Employment Law Myths: Part Two
A few more commonly-held beliefs that can get employers into trouble. If you missed part one and would like to take a look, you can find it here
#6 If one of my employees threatens another, I should issue them with a final written warning.
You can’t issue a formal disciplinary sanction (whether that’s a verbal or written warning) without following a proper disciplinary procedure. Depending on how serious the situation is, it may be appropriate to suspend them on full pay while you conduct an investigation – this is easier if your contracts contain a suspension clause. If you find that it warrants disciplinary action, you must invite the person to a hearing, at which they have a right to be accompanied, and provide them with your evidence in advance of the hearing. If you do impose a sanction, they must be given the right to appeal. Your disciplinary policy should state how long the warning remains active, though it’s good practice to keep them on record even once they are spent.
#7 Only parents of children under the age of 18 have the right to request flexible working.
No – as we discussed in ‘myth #3’ anyone who has been continuously employed for 26 weeks has the right to formally request a change to their work pattern under the flexible working request (FWR) scheme, and the employer must follow a proper, fair process to consider the request. No longer the preserve of working mothers, an increasing number of men are requesting more flexible patterns of work, either because of caring responsibilities, for health reasons, or to improve their work-life balance. All must be treated fairly, though you should remember that granting one request does not set a precedent – each must be evaluated on the circumstances in the business at the time of the request.
#8 You are discriminating against a person if you refuse to employ them because they have a visible tattoo.

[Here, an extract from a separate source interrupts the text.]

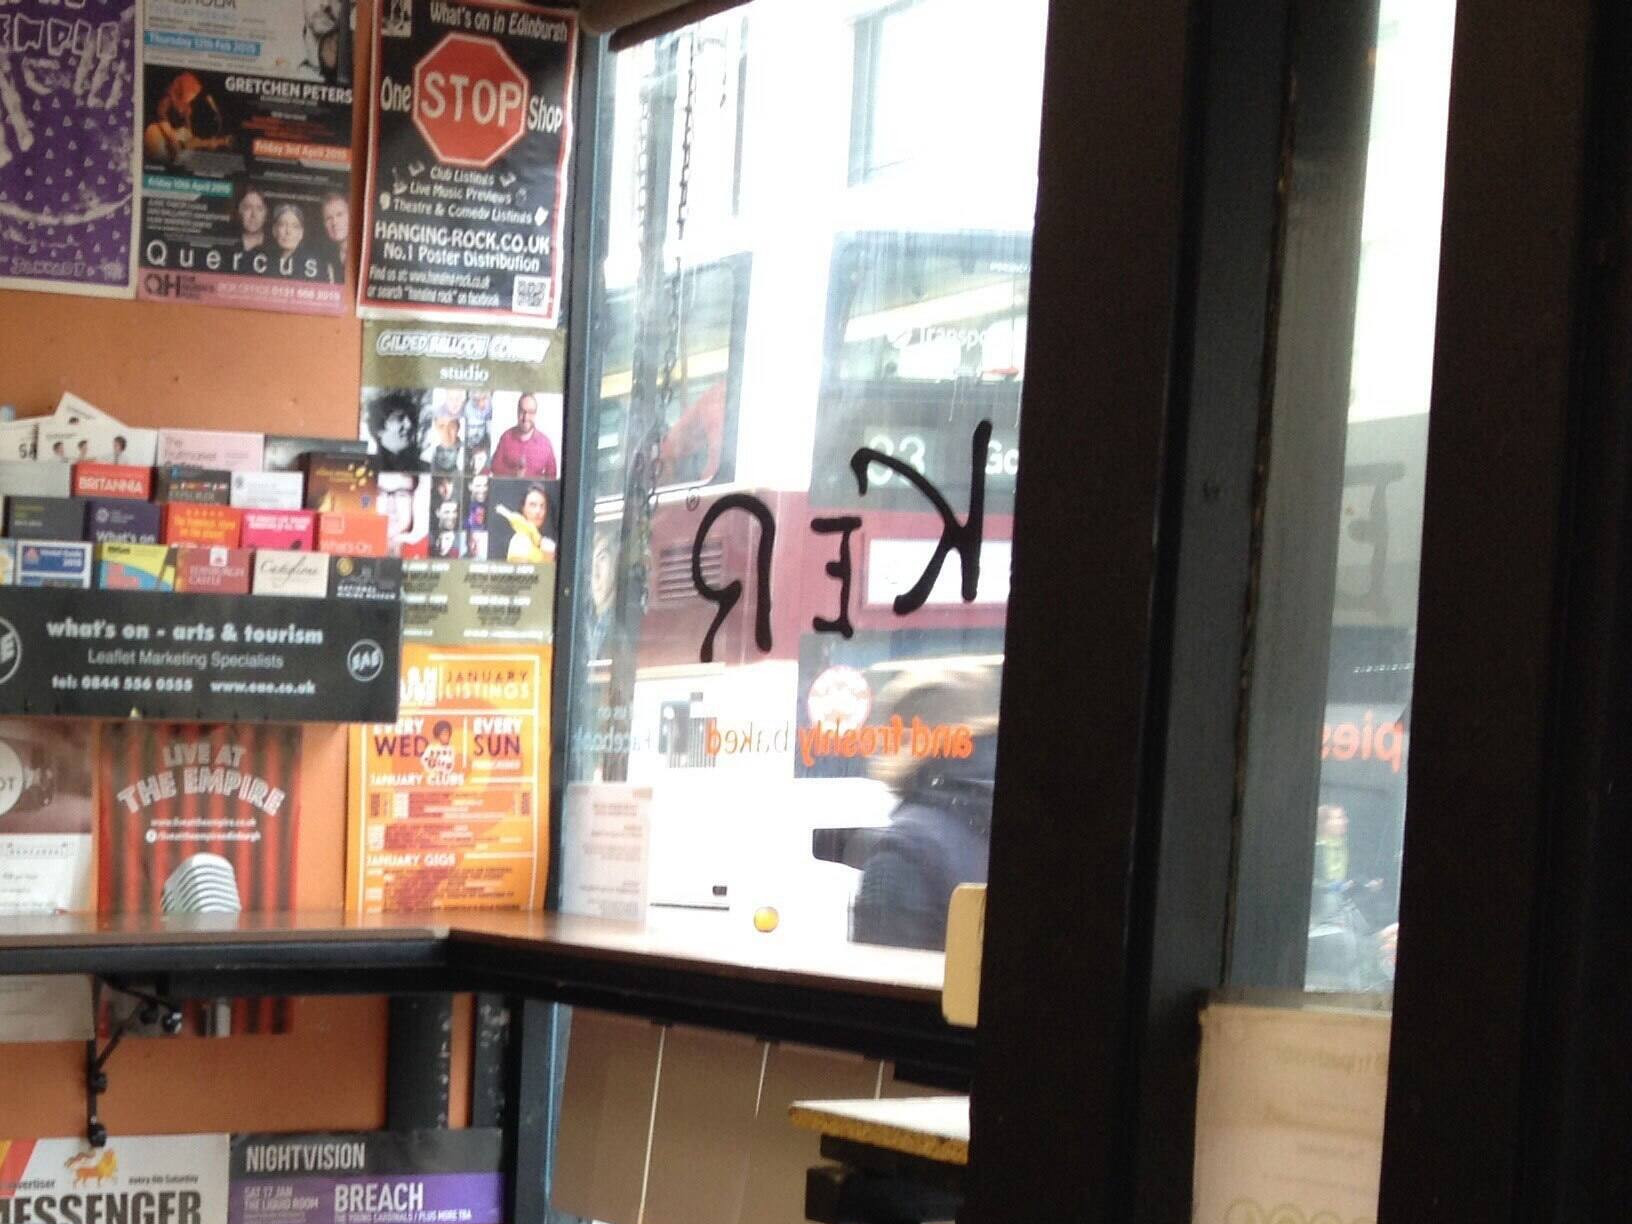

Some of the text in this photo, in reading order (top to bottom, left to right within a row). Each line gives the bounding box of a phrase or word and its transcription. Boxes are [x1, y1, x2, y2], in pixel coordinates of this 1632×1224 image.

Discrimination only applies to a situation where someone is treated less favourably because of a protected characteristic, as defined by the Equality Act 2010. These are:
Marriage and Civil Partnership
Pregnancy and Maternity
Religion and Belief
If you do have a ‘no visible tattoos’ policy, this should be clearly stated in a written policy and communicated to all members of staff. Many workplaces have started to relax codes about tattoos and piercings as they become more commonplace, and in the face of media attention and on-line petitions. Some have questioned the wisdom of excluding a pool of potential talent purely on the basis of a tattoo; the police, for example, allow visible tattoos, provided that they aren’t offensive, violent or potentially discriminatory in nature.
#9 If an employee has a disability, you cannot dismiss them because of it.

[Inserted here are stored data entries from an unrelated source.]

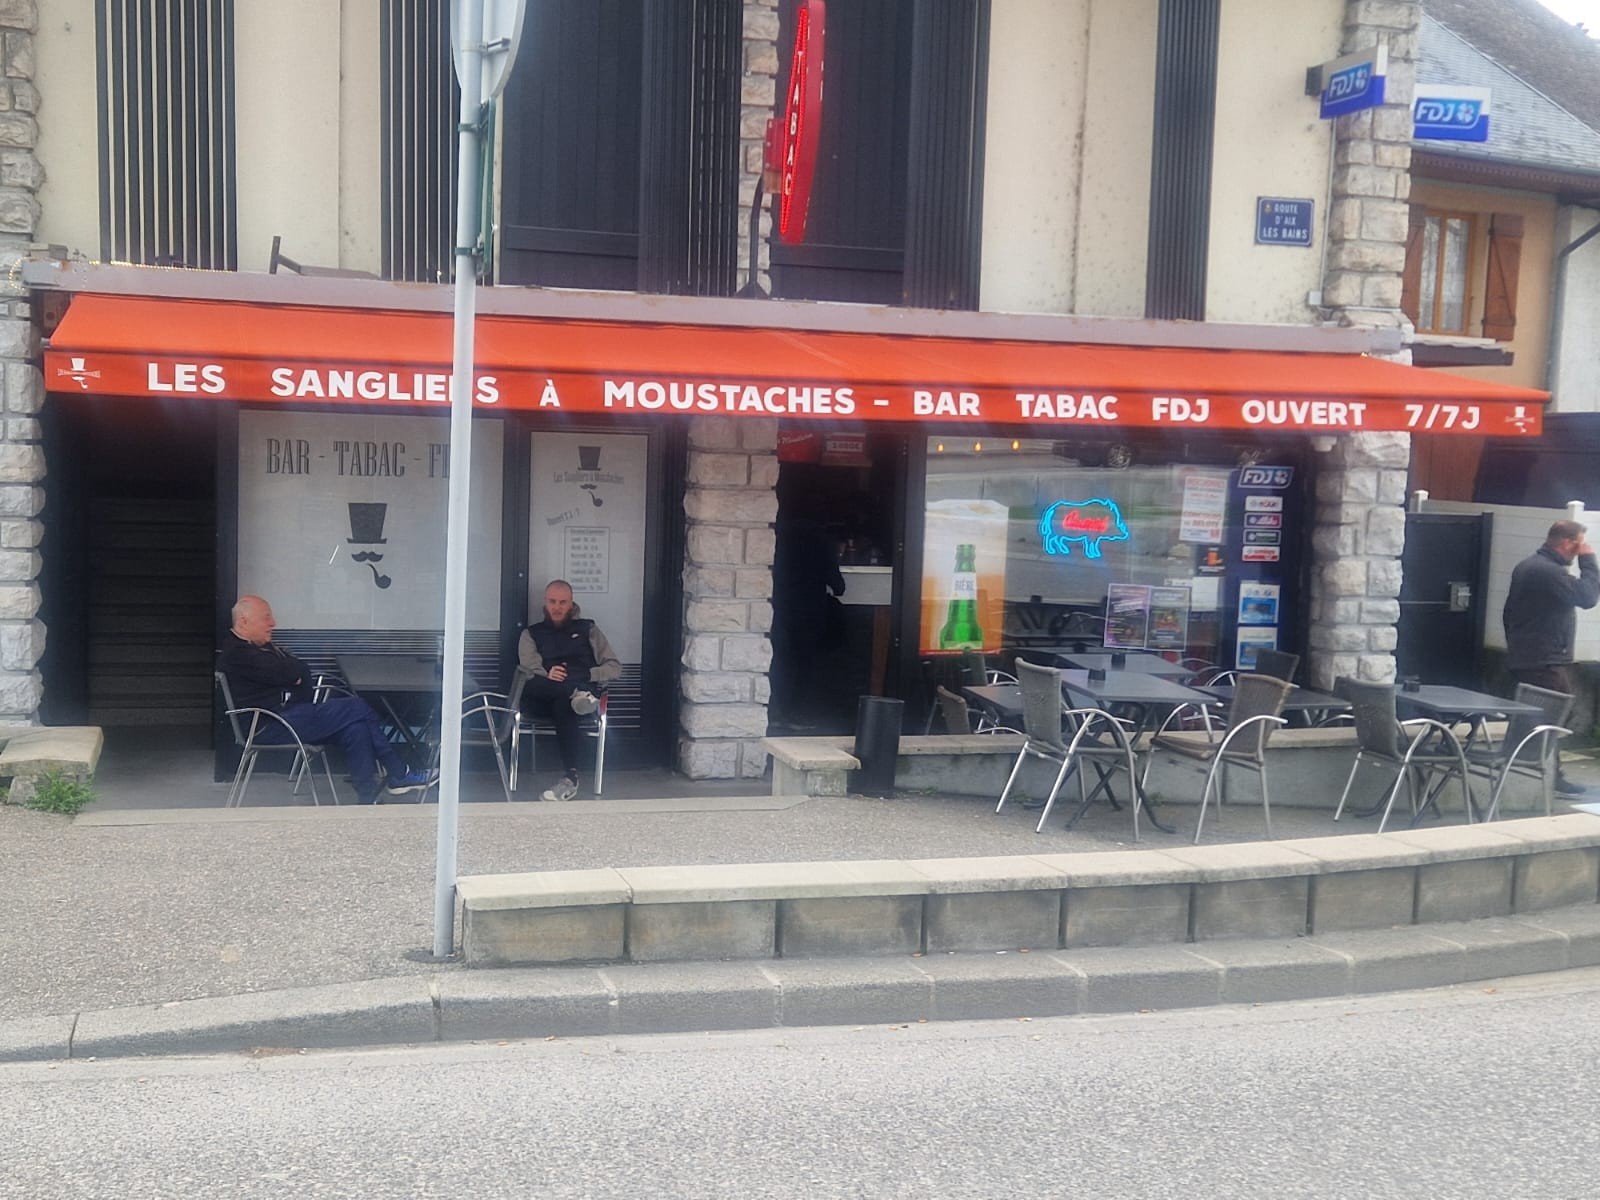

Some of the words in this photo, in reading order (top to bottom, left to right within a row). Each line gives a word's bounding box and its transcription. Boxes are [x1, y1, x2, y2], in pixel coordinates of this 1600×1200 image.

[1329, 74, 1355, 98] FDJ
[785, 51, 803, 195] TABAC
[1415, 102, 1455, 122] FDJ
[1274, 203, 1298, 214] ROUTE
[1263, 227, 1279, 238] LES
[1281, 228, 1308, 239] BAINS
[149, 363, 225, 393] LES
[539, 379, 560, 407] À
[605, 381, 855, 414] MOUSTACHES
[913, 390, 980, 416] BAR
[1016, 394, 1118, 419] TABAC
[1152, 398, 1210, 422] FDJ
[1242, 399, 1366, 426] OUVERT
[1406, 404, 1480, 429] 7/7J
[265, 438, 310, 474] BAR
[333, 440, 406, 477] TABAC
[1242, 470, 1273, 485] FDJ

As an employer you have a legal duty to make reasonable adjustments to enable an employee with a disability to continue working. This can include specialist equipment, a change in hours or an alteration in the duties they perform. Many of these can be relatively simple and inexpensive to implement; sometimes assistance is available to employees via the Government’s Access to Work scheme.
However, there may be situations where it is just not possible to make the required adjustments to allow someone to continue to be employed. The decision to let go of an employee in these circumstances must be taken extremely carefully, and only after evaluating all the options and obtaining specialist medical advice. You should always seek expert guidance when trying to accommodate an employee who may have a disability, both to protect yourself and to be fair to them. And do remember – not all disabilities are visible or obvious.
Please note: This article is intended for general guidance only and is not a substitute for specific legal advice in any particular situation.